---------- RECORDS FOR THE TASK

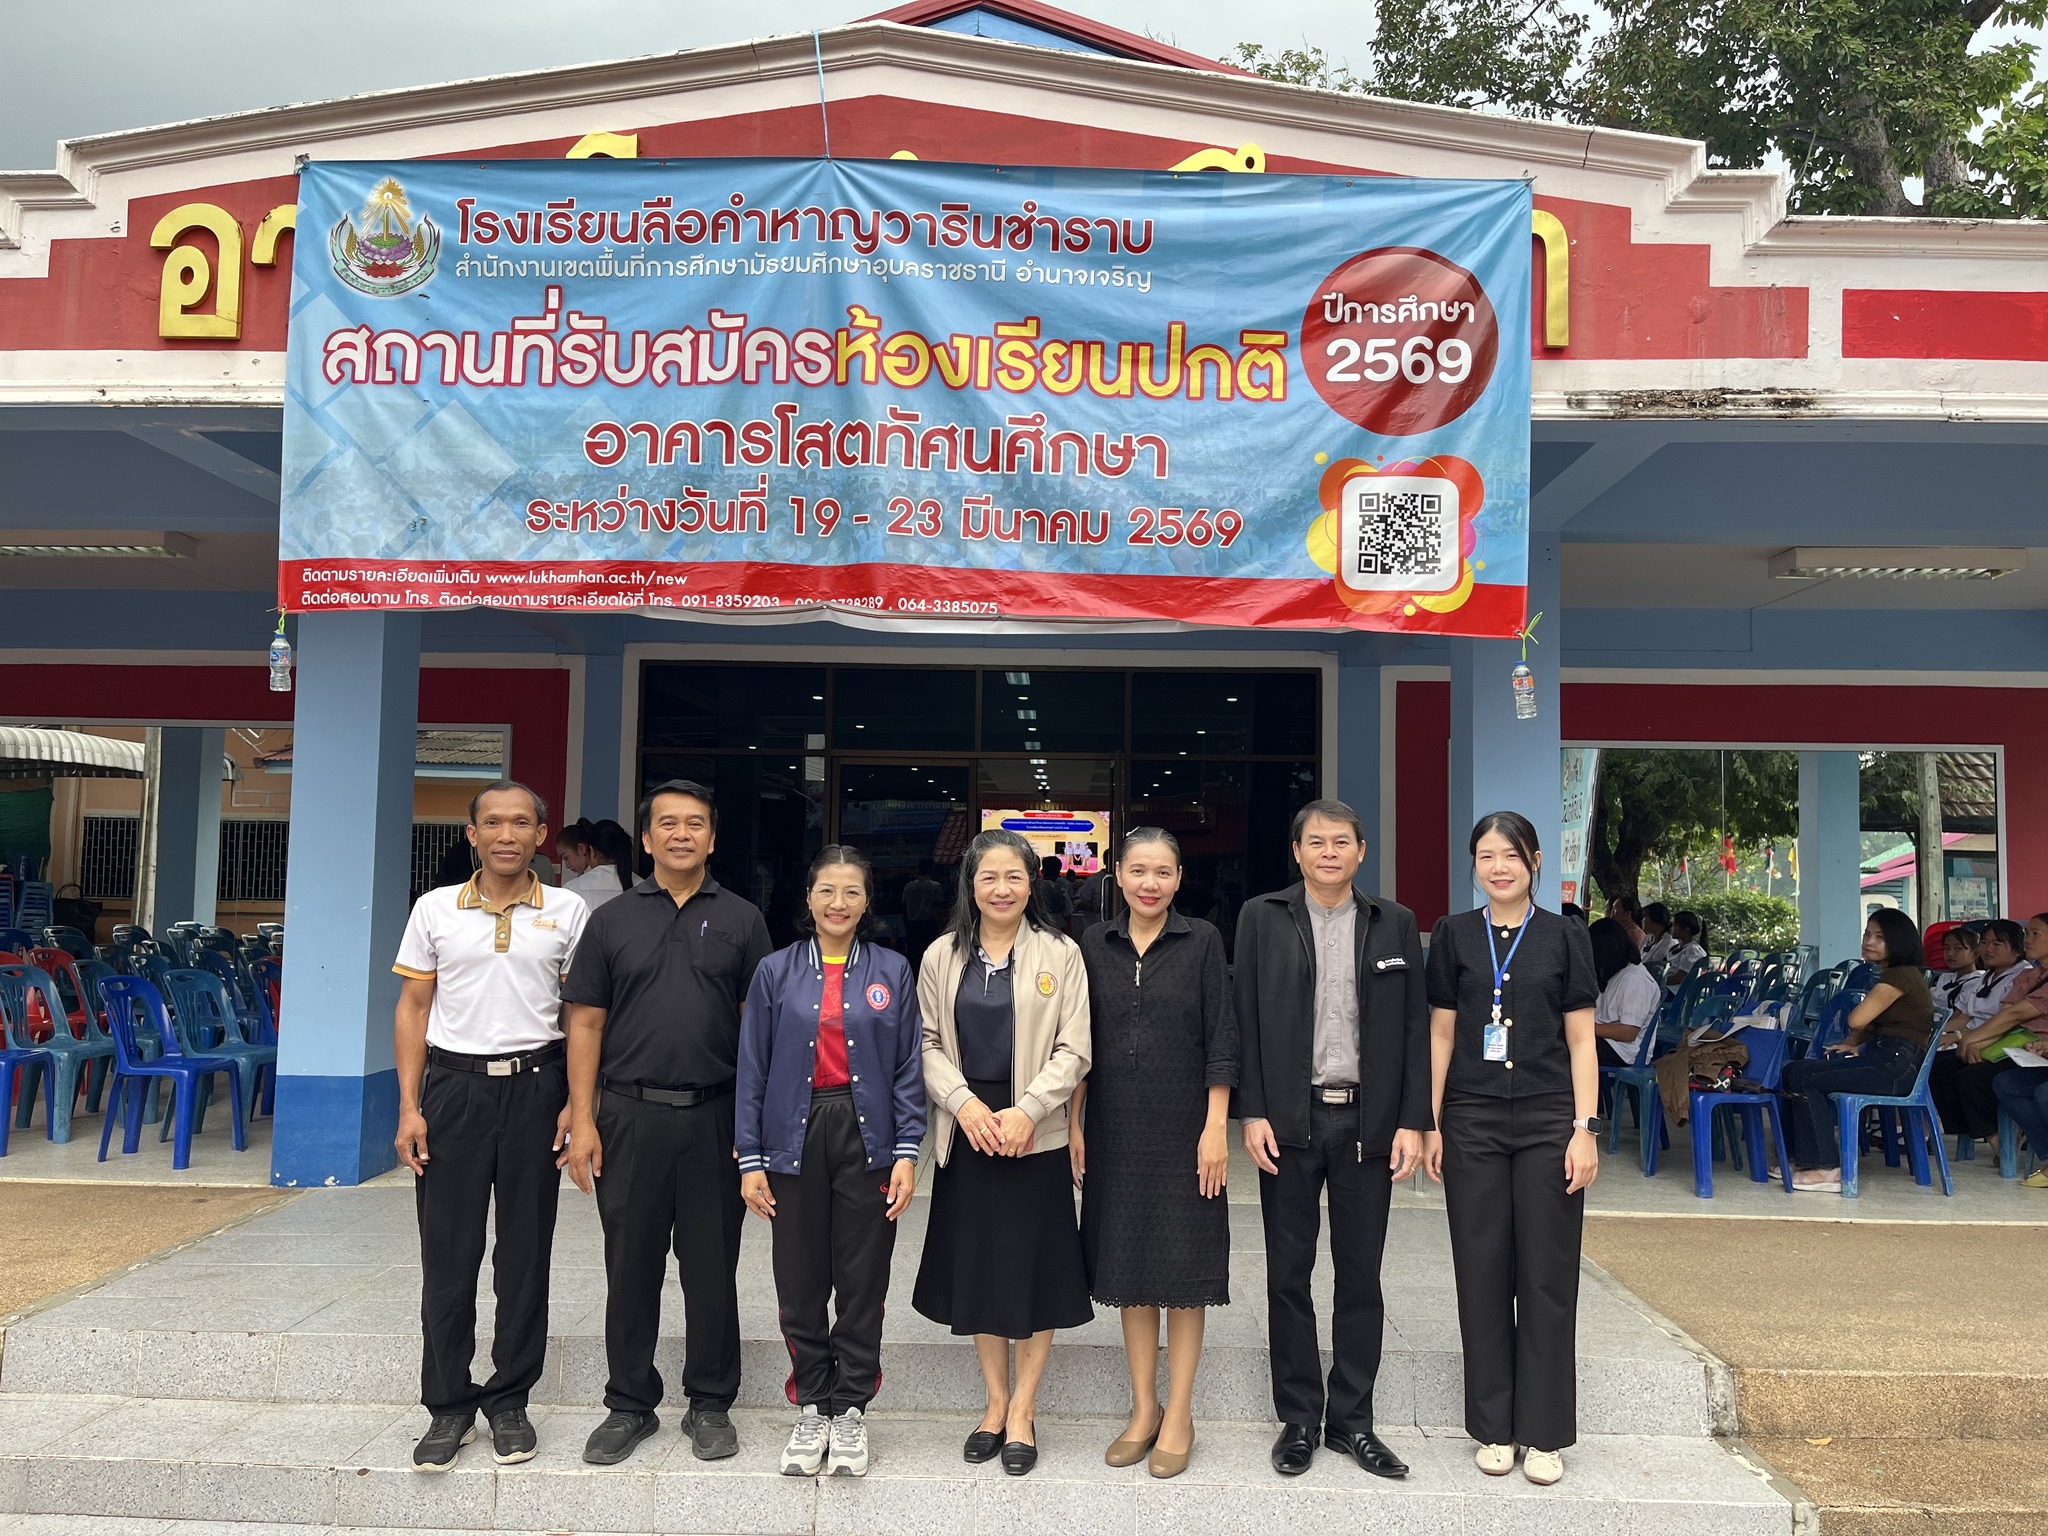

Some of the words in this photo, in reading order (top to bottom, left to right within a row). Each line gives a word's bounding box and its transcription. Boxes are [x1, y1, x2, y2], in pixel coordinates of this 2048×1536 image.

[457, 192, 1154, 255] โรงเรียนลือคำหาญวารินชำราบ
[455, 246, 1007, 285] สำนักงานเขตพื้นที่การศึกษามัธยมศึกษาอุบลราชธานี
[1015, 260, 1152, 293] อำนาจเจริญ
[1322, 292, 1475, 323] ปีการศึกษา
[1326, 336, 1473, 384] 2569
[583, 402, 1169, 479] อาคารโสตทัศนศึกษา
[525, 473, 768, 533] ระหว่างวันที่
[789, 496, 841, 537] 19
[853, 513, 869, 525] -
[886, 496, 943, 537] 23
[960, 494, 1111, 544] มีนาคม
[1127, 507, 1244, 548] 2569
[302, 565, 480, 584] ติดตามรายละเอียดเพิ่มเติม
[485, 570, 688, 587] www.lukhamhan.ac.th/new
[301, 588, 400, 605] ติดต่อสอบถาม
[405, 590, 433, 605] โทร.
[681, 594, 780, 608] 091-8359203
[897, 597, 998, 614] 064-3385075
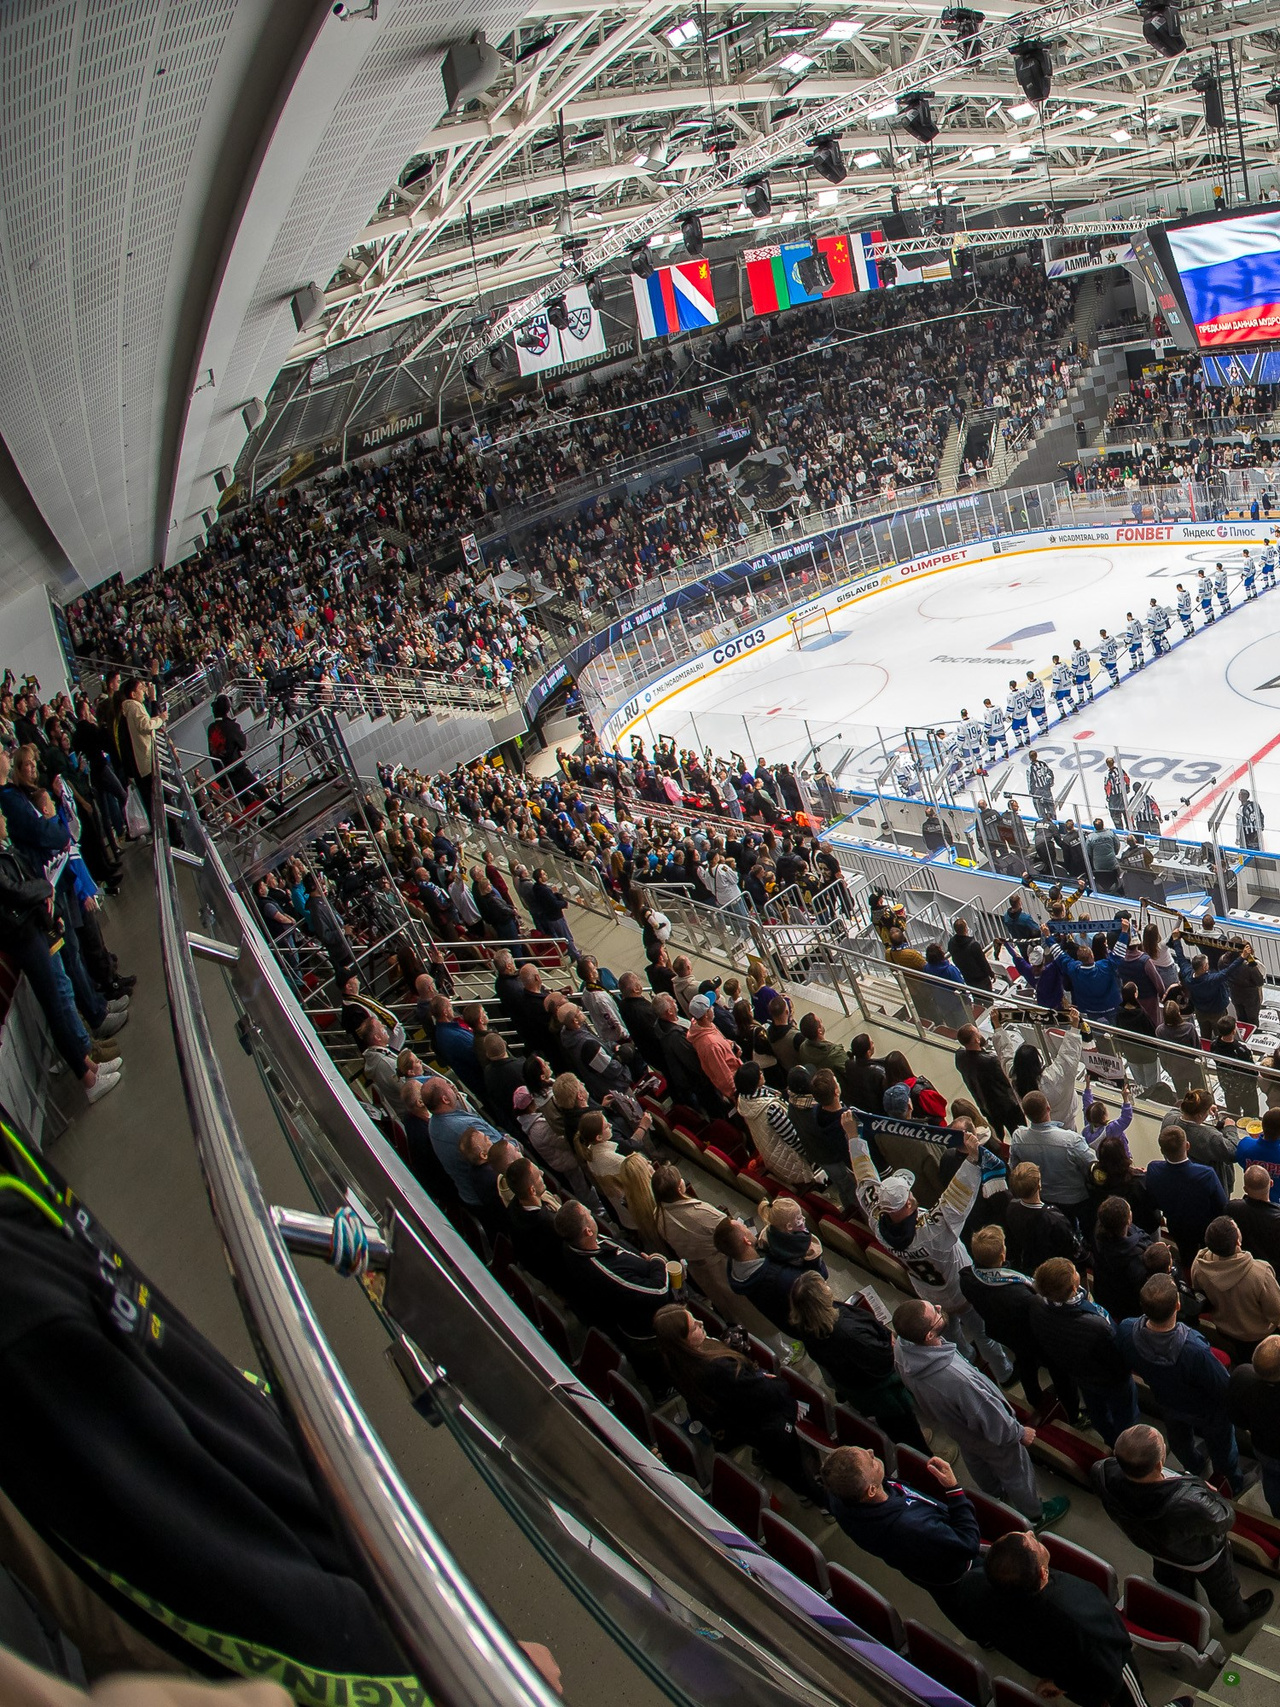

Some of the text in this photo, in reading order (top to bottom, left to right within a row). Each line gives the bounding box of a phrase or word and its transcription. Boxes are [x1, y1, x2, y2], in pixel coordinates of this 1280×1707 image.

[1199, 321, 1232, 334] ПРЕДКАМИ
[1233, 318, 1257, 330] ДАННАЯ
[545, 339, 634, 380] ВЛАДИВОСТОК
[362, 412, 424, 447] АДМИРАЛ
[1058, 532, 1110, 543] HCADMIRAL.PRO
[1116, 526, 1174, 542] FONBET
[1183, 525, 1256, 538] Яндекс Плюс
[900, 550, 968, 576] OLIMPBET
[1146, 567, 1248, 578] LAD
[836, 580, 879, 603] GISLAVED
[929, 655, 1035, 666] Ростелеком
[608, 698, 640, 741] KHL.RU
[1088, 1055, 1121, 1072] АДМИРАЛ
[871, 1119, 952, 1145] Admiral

--------------------

HOW TO COMPLETE THIS TASK »
Where an entry contains an image, skip the image and write out the rest exactly.

SOLUTION »
Some of the words in this photo, in reading order (top to bottom, left to right within a row). Each line gives a word's bounding box and its transcription. Boxes are [x1, y1, x2, y2], in pixel coordinates of this 2048×1536 image.

[457, 192, 1154, 255] โรงเรียนลือคำหาญวารินชำราบ
[455, 246, 1007, 285] สำนักงานเขตพื้นที่การศึกษามัธยมศึกษาอุบลราชธานี
[1015, 260, 1152, 293] อำนาจเจริญ
[1322, 292, 1475, 323] ปีการศึกษา
[1326, 336, 1473, 384] 2569
[583, 402, 1169, 479] อาคารโสตทัศนศึกษา
[525, 473, 768, 533] ระหว่างวันที่
[789, 496, 841, 537] 19
[853, 513, 869, 525] -
[886, 496, 943, 537] 23
[960, 494, 1111, 544] มีนาคม
[1127, 507, 1244, 548] 2569
[302, 565, 480, 584] ติดตามรายละเอียดเพิ่มเติม
[485, 570, 688, 587] www.lukhamhan.ac.th/new
[301, 588, 400, 605] ติดต่อสอบถาม
[405, 590, 433, 605] โทร.
[681, 594, 780, 608] 091-8359203
[897, 597, 998, 614] 064-3385075

Some of the text in this photo, in reading order (top to bottom, left to right within a row). Each line gives the bounding box of a phrase or word and its transcription. Boxes are [x1, y1, x2, y2], in pixel coordinates of this 1280×1707 image.

[1199, 321, 1232, 334] ПРЕДКАМИ
[1233, 318, 1257, 330] ДАННАЯ
[545, 339, 634, 380] ВЛАДИВОСТОК
[362, 412, 424, 447] АДМИРАЛ
[1058, 532, 1110, 543] HCADMIRAL.PRO
[1116, 526, 1174, 542] FONBET
[1183, 525, 1256, 538] Яндекс Плюс
[900, 550, 968, 576] OLIMPBET
[1146, 567, 1248, 578] LAD
[836, 580, 879, 603] GISLAVED
[929, 655, 1035, 666] Ростелеком
[608, 698, 640, 741] KHL.RU
[1088, 1055, 1121, 1072] АДМИРАЛ
[871, 1119, 952, 1145] Admiral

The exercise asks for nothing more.